The data START

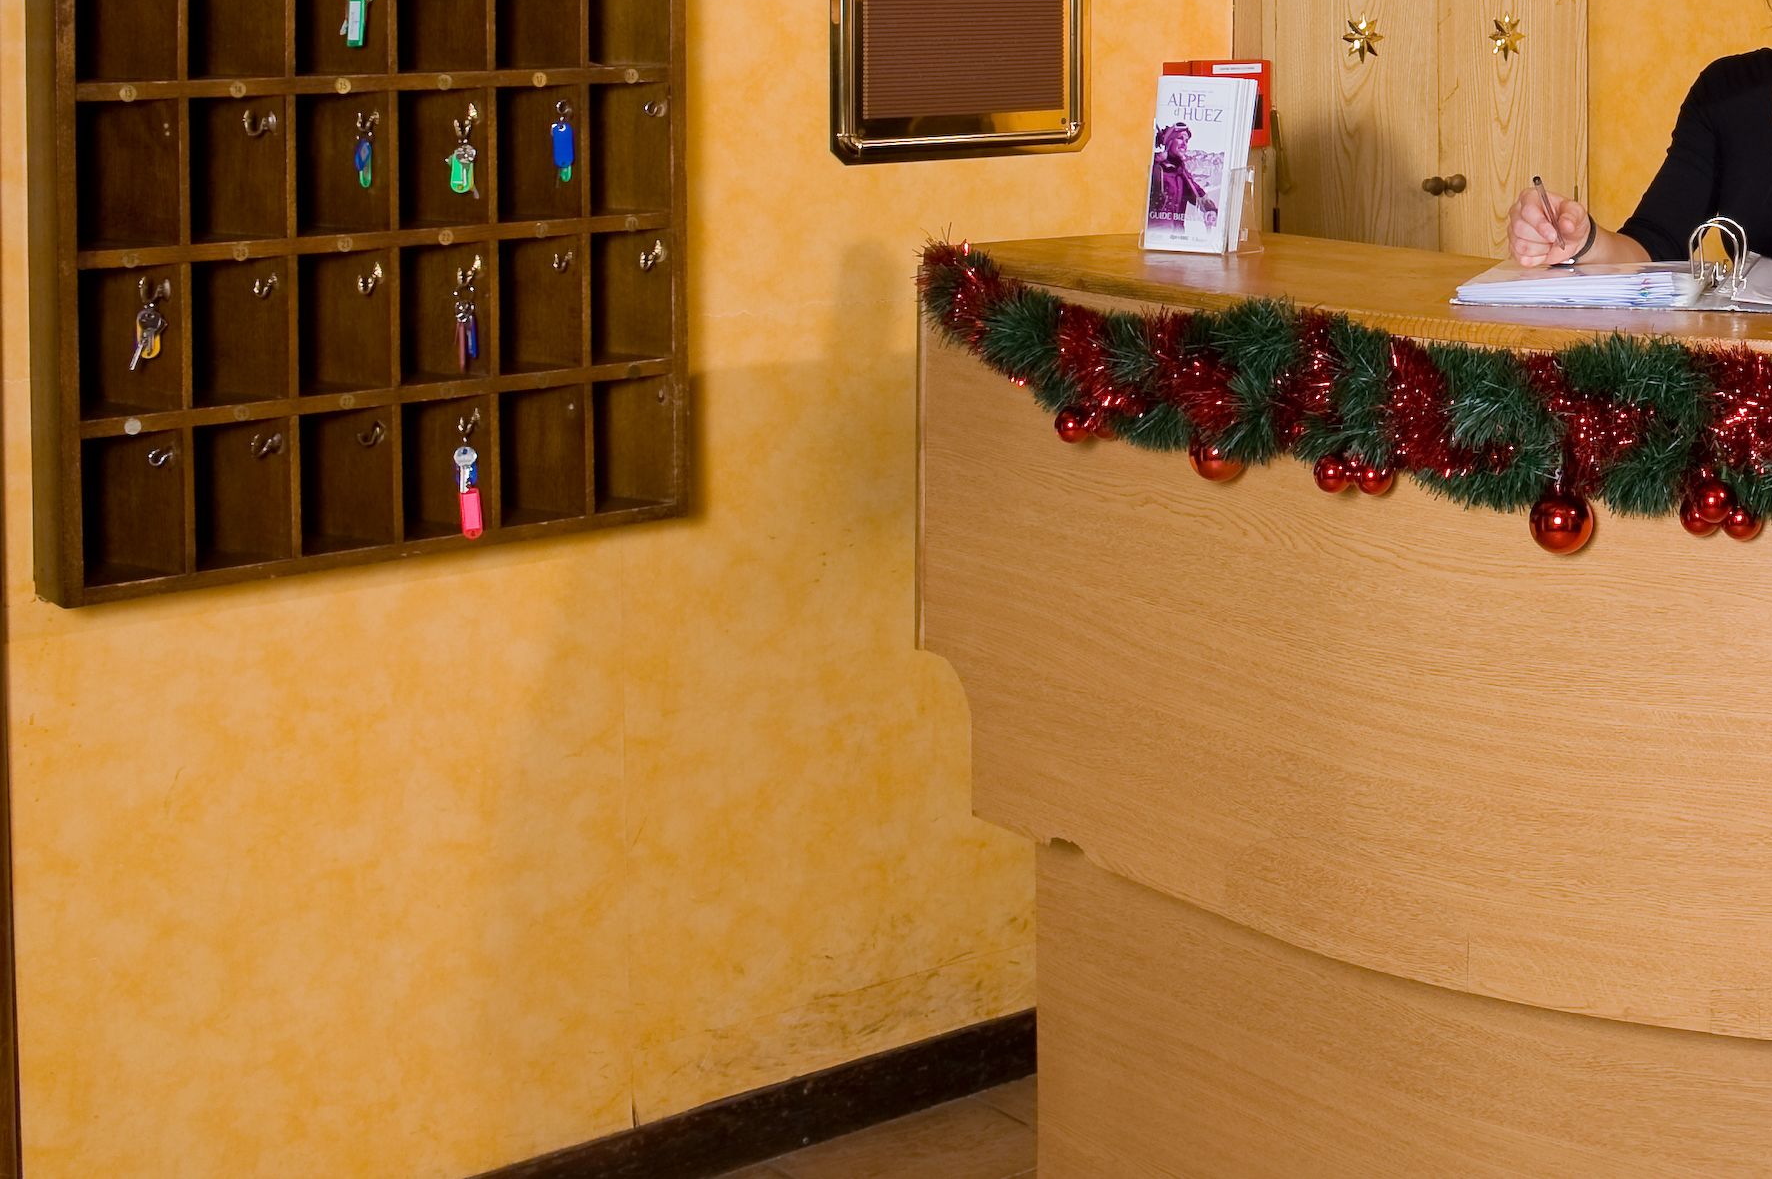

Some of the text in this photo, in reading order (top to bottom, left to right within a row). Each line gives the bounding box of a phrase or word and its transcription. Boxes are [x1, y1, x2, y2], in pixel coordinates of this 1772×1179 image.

[536, 75, 543, 84] 17
[339, 81, 347, 91] 15
[1167, 92, 1207, 108] ALPE
[1149, 210, 1172, 221] GUIDE

The data END

Exercise requirements - Set down all the data again exactly as above, pictures excluded.

Solution to this task -
Some of the text in this photo, in reading order (top to bottom, left to right within a row). Each line gives the bounding box of a phrase or word and its transcription. Boxes are [x1, y1, x2, y2], in pixel coordinates of this 1772×1179 image.

[536, 75, 543, 84] 17
[339, 81, 347, 91] 15
[1167, 92, 1207, 108] ALPE
[1149, 210, 1172, 221] GUIDE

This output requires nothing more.